Pourtant, l’étape est bouclée. La journée de randonnée à 100% d’humidité achevée, on pourrait célébrer l’arrivée à bon port et le choix judicieux du GR 121 et ses côtes scéniques, loin de l’intérieur encaissé dans les terres que suivent les pèlerins sans rien voir de la mer – il faut dire que la mer, ça peut faire fuir. Donner des envies de partir. Des envies d’ailleurs. S’écarter du droit chemin et enfiler les traverses. La mer, oui, quand on chemine vers Saint Jacques, on l’évite de peur de s’y plonger en la contemplant. En la convoitant du regard. En y, pourquoi pas ? renaissant. La mer, on s’y perd, alors les pèlerins passent par les terres et se retrouvent avec nous à Pasai Donibane sans avoir humé la cantabrique atlantique bien grise aujourd’hui. Bien grise et bouchée comme une mer de ce Nord qu’elle scrute avec constance.

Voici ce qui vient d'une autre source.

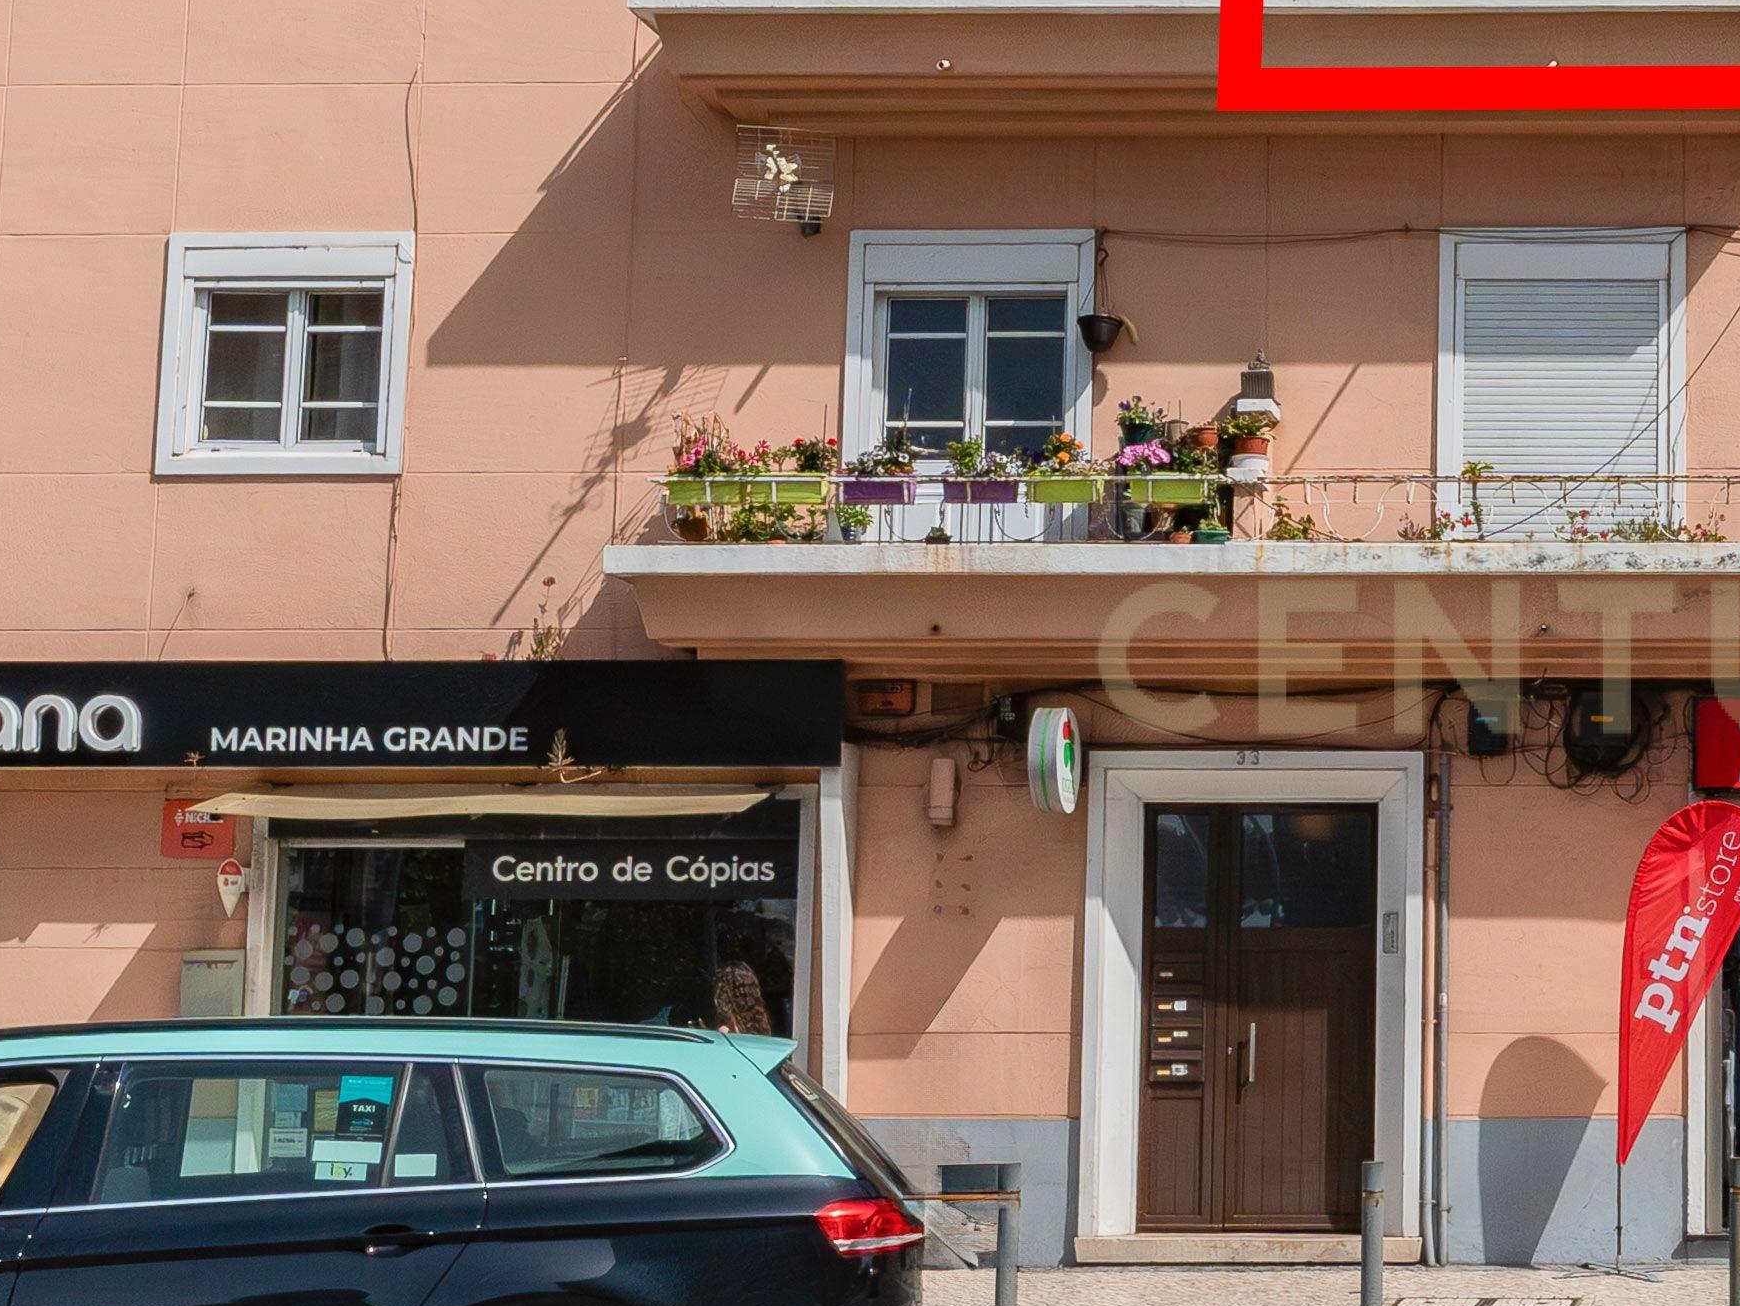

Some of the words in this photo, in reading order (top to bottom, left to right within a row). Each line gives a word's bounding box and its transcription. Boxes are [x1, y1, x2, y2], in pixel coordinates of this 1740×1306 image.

Donc nous progressons encore, mais lentement, le long de cette unique rue en cherchant El Bar. Car lundi soir, jour de fête ignorée chez les transpyrénéens, rien d’autre n’est ouvert. Aucun de ces restaurants remarquables si vivaces, si animés, si gourmands dans mes souvenirs, si déserts et si clos ce soir. Rien que ce bar qui ne s’appelle pas vraiment El Bar mais en a tous les attributs, bar essentiel, iconique et unique, refuge attitré de la population de Pasai Donibane.

Alors, entrons.

Petit scoop à destination des marcheurs en quête d’authenticité : El Bar n’a rien d’un havre pour touristes. El Bar est le plus bas(i)que qu’on puisse trouver, un comptoir, quelques tables, quelques chaises, un écran. Quelques vieux accoudés, caña à la main, du vague dans les yeux. Quelques plus vieux assis qui se crient dans les sonotones. Quelques jeunes, une famille, des gens de tous les jours venus dîner à l’abri de la pluie. Des pèlerins, aussi, facilement identifiables aux grolles détrempées, capes de pluie à l’entrée, qui rêvent de tazas pour initier leur txakoli à la Galicie finale. Et nous. Heureux de nous asseoir. Un peu décontenancés par l’indifférence que notre présence engendre. On n’est pas, ici, accueillis – pas non plus rejetés, contrairement aux affirmations de la réceptionniste de notre hôtel qui n’apprécie pas la patronne d’El Bar. Ici, on est. Simplement. Comme d’autres. On ne déclenche pas un intérêt immédiat. On est, comme nos compagnons de bar, venus se réchauffer pendant une froide et humide soirée d’été, découvrant une atmosphère propice aux celtiques mélopées, aux rythmes de tambours et souffles de cornemuses qui naviguent tout au long de l’Atlantique. Et peu à peu nous posant sur les chaises usées d’El Bar, peu à peu nous restaurant d’un poisson grillé et d’une belle entrecôte accompagnées de poivrons frits au mordant toujours possible, peu à peu profitant de l’ambiance un peu calme, un peu morne, nous nous détendons. Décrispons les sourires. Relâchons les mâchoires. La conversation s’allège, évacue les pensées ressassées de la journée, pensées qui chantonnaient à l’oreille, un pas devant l’autre, une goutte après l’autre. Un croc de patatas bravas, une langue écharpée d’un pimiento de padron qui avait tenu son feu bien secret, un glissement d’écailles nacrées du merluza a la plancha cuit juste comme il faut. Une caña, un verre de txakoli (mais je l’ai déjà dit), le repas nous installe agréablement sur les chaises d’El Bar. Nous nous reposons. Séchons intérieurement. Dissipons en nous les brumes et les nuages, le vent et la pluie, la longueur du chemin, la lourdeur dans les jambes.

Soirée agréable, simple et confortable.

Pendant ce temps, l’écran s’envahit des émeutes qui déferlent le jour-même sur Torre Pacheco, loin, si loin, tout au sud de l’Espagne.